Genre: Country ,Country-Folk ,Country-Pop
Origin: U.S.A
Active: 1983 - Present
Listen on Coda
Among the prominent women in country music during her generation, Kathy Mattea earned widespread regard as a hitmaker whose commercial achievements never overshadowed her knack for blending folk, bluegrass, gospel, and confessional singer-songwriter elements into her sound. That same dedication to country pop extended to mining ballads, honky-tonk numbers, and Celtic material, a breadth already evident on her acclaimed 1989 release Willow in the Wind. As the nineties progressed and her song choices grew broader, her presence on the country charts strengthened, with successive singles and full-length projects regularly reaching the upper half of the Top 20; the decade’s strongest seller proved to be her 1993 effort Walking Away a Winner.

Born in Cross Lanes, West Virginia, in 1959, Mattea began classical vocal studies in junior high while also picking up guitar after folk music caught her ear. She joined the bluegrass outfit Pennsboro in 1976 during her college years and left school two years later to relocate to Nashville, where she took various jobs, sharpened her songwriting, and eventually secured a Mercury contract in 1983 on the basis of a demo tape. Neither her self-titled debut, issued in 1984, nor the 1985 follow-up From My Heart yielded any singles that climbed into the Top 20. Although her twenty-first-century albums rarely matched earlier sales figures, they continued to draw strong critical notice and performed better in the United Kingdom than domestically, among them 2012’s Calling Me Home; after a six-year absence she resurfaced with Pretty Bird in 2018.

Her third album, the folk-leaning Walk the Way the Wind Blows from 1986, marked a decisive commercial and critical breakthrough. A cover of Nanci Griffith’s “Love at the Five and Dime” became her initial Top Five single, while the title track, “Train of Memories,” and “You’re the Power” each reached the Top Ten. Stardom solidified with the 1987 release Untasted Honey, which contained two chart-topping country hits—“Goin’ Gone” and “Eighteen Wheels and a Dozen Roses”—alongside the Top Five entries “Untold Stories” and “Life as We Knew It.” Willow in the Wind, arriving in 1989, carried an even deeper folk imprint and earned gold certification thanks to the number-one singles “Burnin’ Old Memories” and “Come from the Heart” plus the number-two track “She Came from Fort Worth.” The album’s Top Ten single “Where’ve You Been,” co-written with her husband Jon Vezner, brought Mattea a Grammy for Best Female Country Vocal.
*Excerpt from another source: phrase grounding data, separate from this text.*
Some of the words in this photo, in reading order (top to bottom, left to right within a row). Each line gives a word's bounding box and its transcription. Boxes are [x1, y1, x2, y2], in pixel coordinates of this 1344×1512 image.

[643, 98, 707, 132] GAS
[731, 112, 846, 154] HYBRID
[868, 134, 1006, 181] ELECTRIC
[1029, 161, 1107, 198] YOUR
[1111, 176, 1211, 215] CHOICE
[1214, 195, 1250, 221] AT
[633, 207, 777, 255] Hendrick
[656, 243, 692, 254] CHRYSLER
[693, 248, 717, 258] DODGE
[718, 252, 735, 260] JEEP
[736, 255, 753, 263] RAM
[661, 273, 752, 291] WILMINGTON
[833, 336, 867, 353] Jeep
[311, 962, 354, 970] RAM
Intent on refreshing her sound through its foundational influences, Mattea traveled repeatedly to Scotland in the early nineties to examine the ties between country and traditional Scottish folk. Her own recordings grew increasingly roots-oriented and wide-ranging; the ambitious 1991 project Time Passes By included appearances by Emmylou Harris, the folk trio the Roches, and Scottish singer-songwriter Dougie MacLean. Its title song and “A Few Good Things Remain” both reached the Top Ten, although overall single performance fell short of prior norms. Following throat surgery, Mattea rebounded with the more restrained yet still varied Lonesome Standard Time in 1992, whose title track nearly cracked the Top Ten.
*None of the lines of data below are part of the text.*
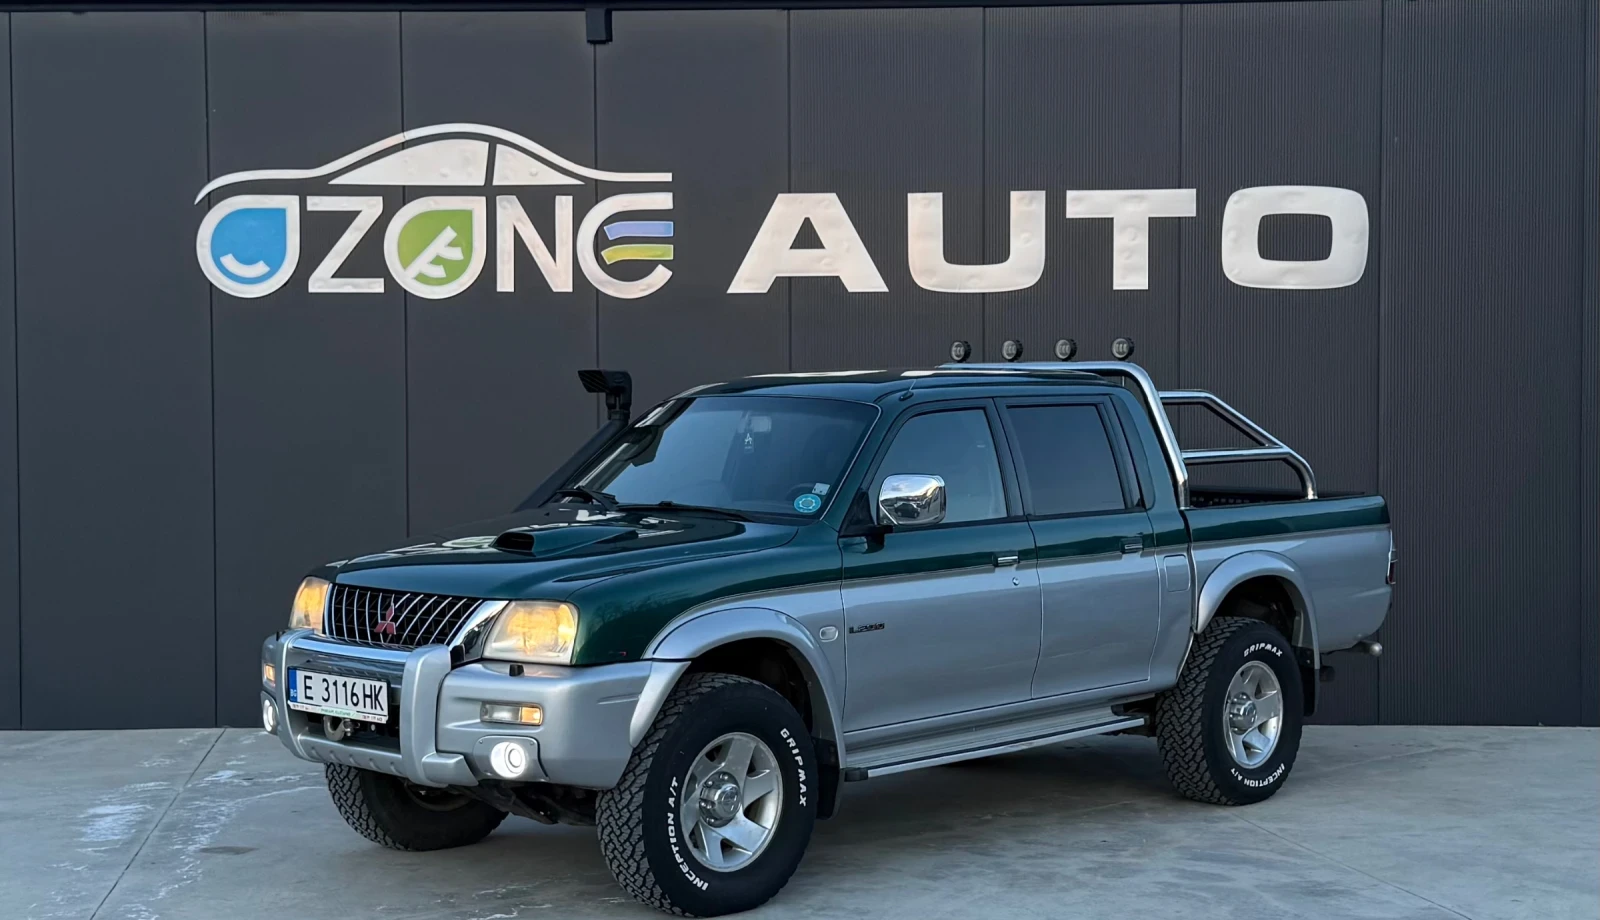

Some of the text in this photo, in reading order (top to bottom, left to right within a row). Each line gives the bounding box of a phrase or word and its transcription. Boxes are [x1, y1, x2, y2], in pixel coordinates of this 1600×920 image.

[196, 185, 1369, 299] OZONE AUTO
[1243, 643, 1282, 657] GRIPMAX
[304, 675, 384, 711] E 3116 HK
[780, 728, 806, 806] GRIPMAX
[1245, 763, 1285, 787] INCEPTION
[668, 776, 709, 891] INCEPTION A/T
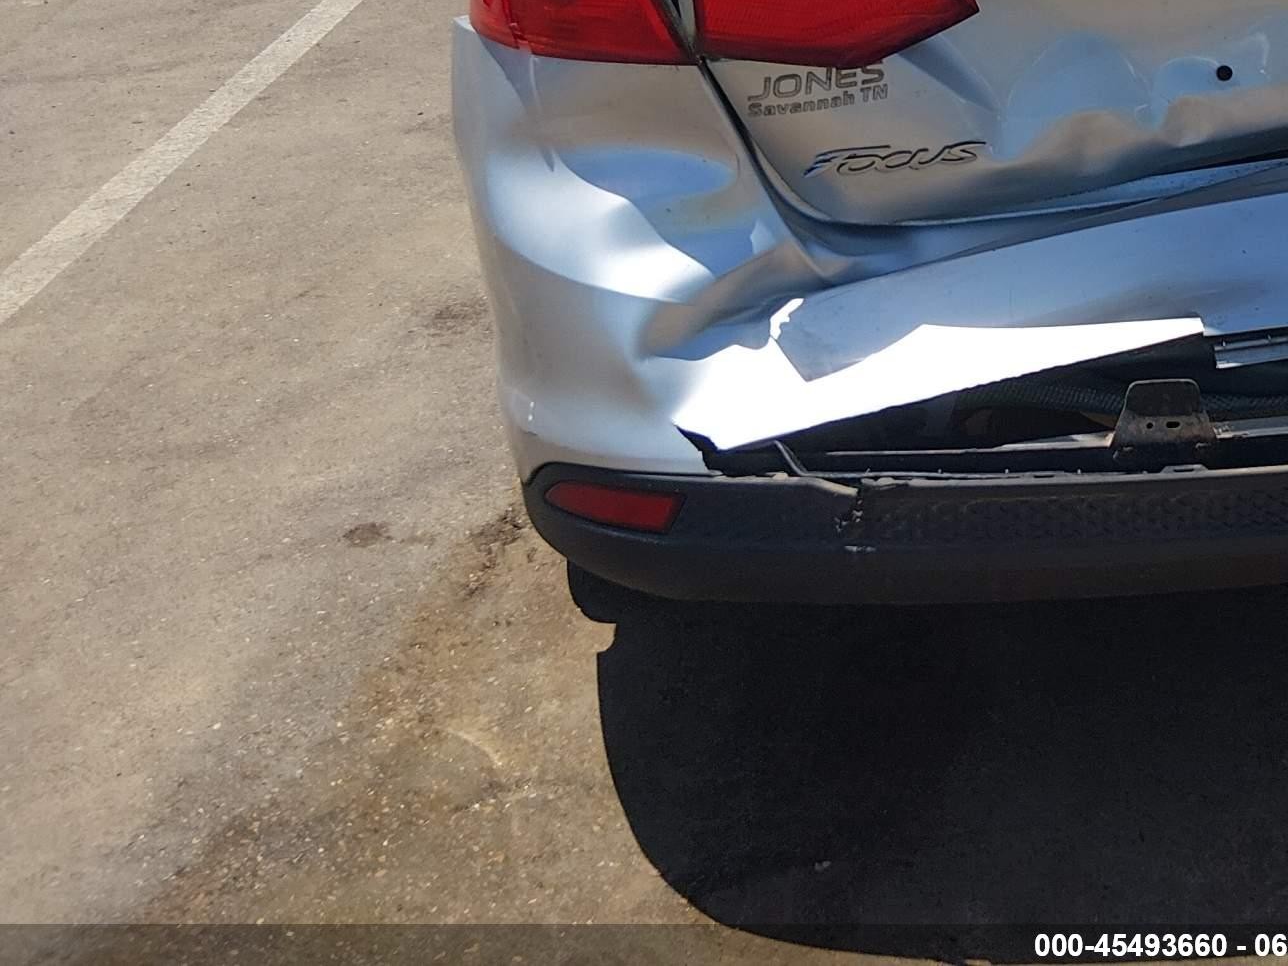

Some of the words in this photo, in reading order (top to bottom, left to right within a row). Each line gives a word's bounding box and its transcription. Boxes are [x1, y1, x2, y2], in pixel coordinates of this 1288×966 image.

[747, 66, 885, 101] JONES
[747, 90, 856, 117] Savannah
[860, 83, 888, 102] TN
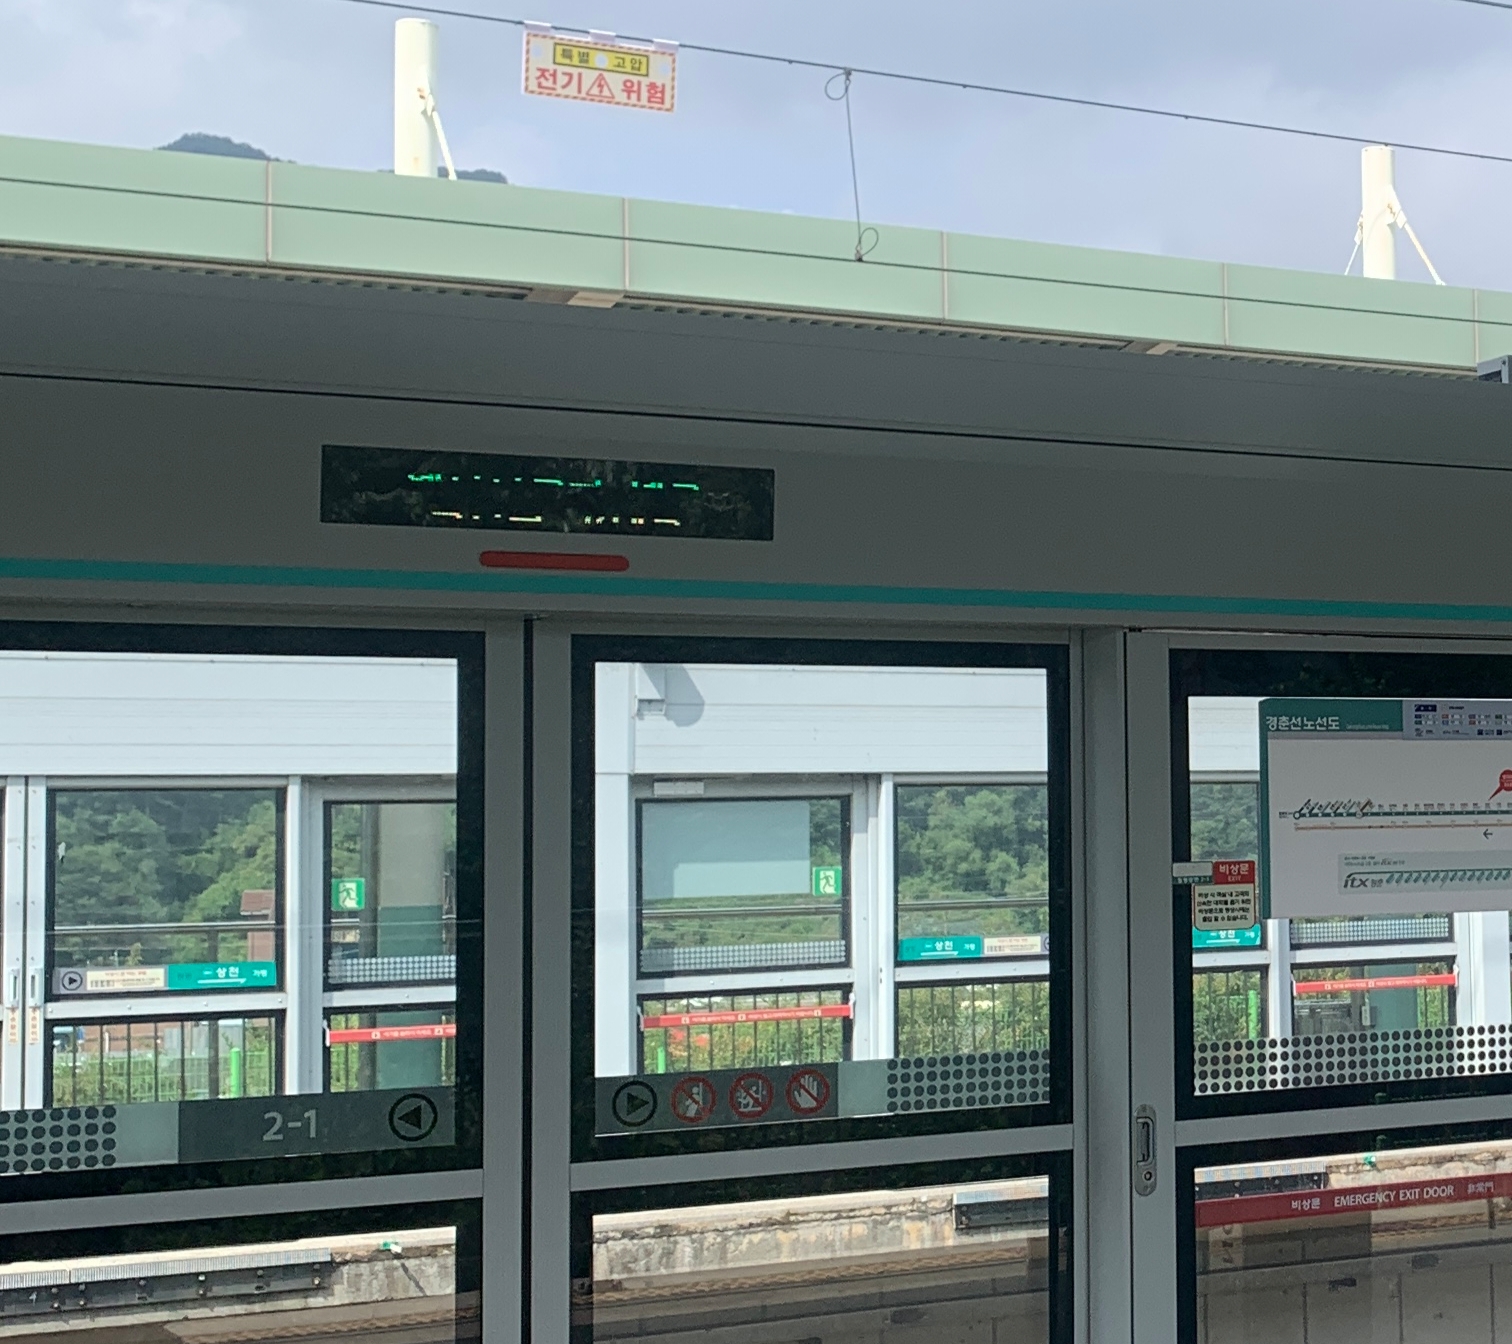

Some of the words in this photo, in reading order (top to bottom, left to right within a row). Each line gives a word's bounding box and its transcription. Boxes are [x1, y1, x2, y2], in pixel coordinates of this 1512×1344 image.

[560, 47, 590, 64] 특별
[613, 56, 643, 72] 고압
[535, 67, 583, 94] 전기
[621, 78, 666, 106] 위험
[1219, 863, 1249, 875] 비상문
[215, 966, 240, 978] 상천
[262, 1109, 318, 1143] 2-1
[1291, 1197, 1321, 1211] 비상문
[1334, 1191, 1396, 1207] EMERGENCY
[1400, 1188, 1421, 1201] EXIT
[1423, 1185, 1455, 1199] DOOR
She shifted toward a more mainstream approach on 1993’s Walking Away a Winner, whose title track returned her to the Top Five, while also issuing the gospel-focused holiday collection Good News that same year, an album that captured a Grammy for Best Southern/Country/Bluegrass Gospel Album. After several years away, she resurfaced in 1997 with Love Travels, an effort that balanced folk and mainstream country impulses yet produced no major singles despite solid sales. Mattea then moved to MCA for the ballad-centered The Innocent Years in 2000, a deeply personal tribute to her ailing father. Seeking to explore Celtic folk further, she joined Narada and debuted for the label with the eclectic Roses in 2002; Joy for Christmas Day followed in 2003 and Right Out of Nowhere in 2005. In 2008 she released the bluegrass-focused Coal on the Captain Potato imprint, then continued mining-country explorations with Calling Me Home on Sugar Hill in 2012.

Over time Mattea noticed shifts in her voice that made certain notes harder to reach cleanly. She had long worked with vocal coach Phoebe Binkley, who had also served as a second mother figure, yet declining health prevented Binkley from continuing. Mattea turned instead to Judi Vinar, a Minnesota jazz singer who conducted lessons via Skype. Discovering that her strongest register had moved lower, Mattea undertook a rigorous three-year process of unlearning and retraining; the outcome was 2018’s Pretty Bird, which ranged from the jazz-tinged “October Song” to an a cappella reading of the title track originally written and recorded by one of her heroes, the late Hazel Dickens.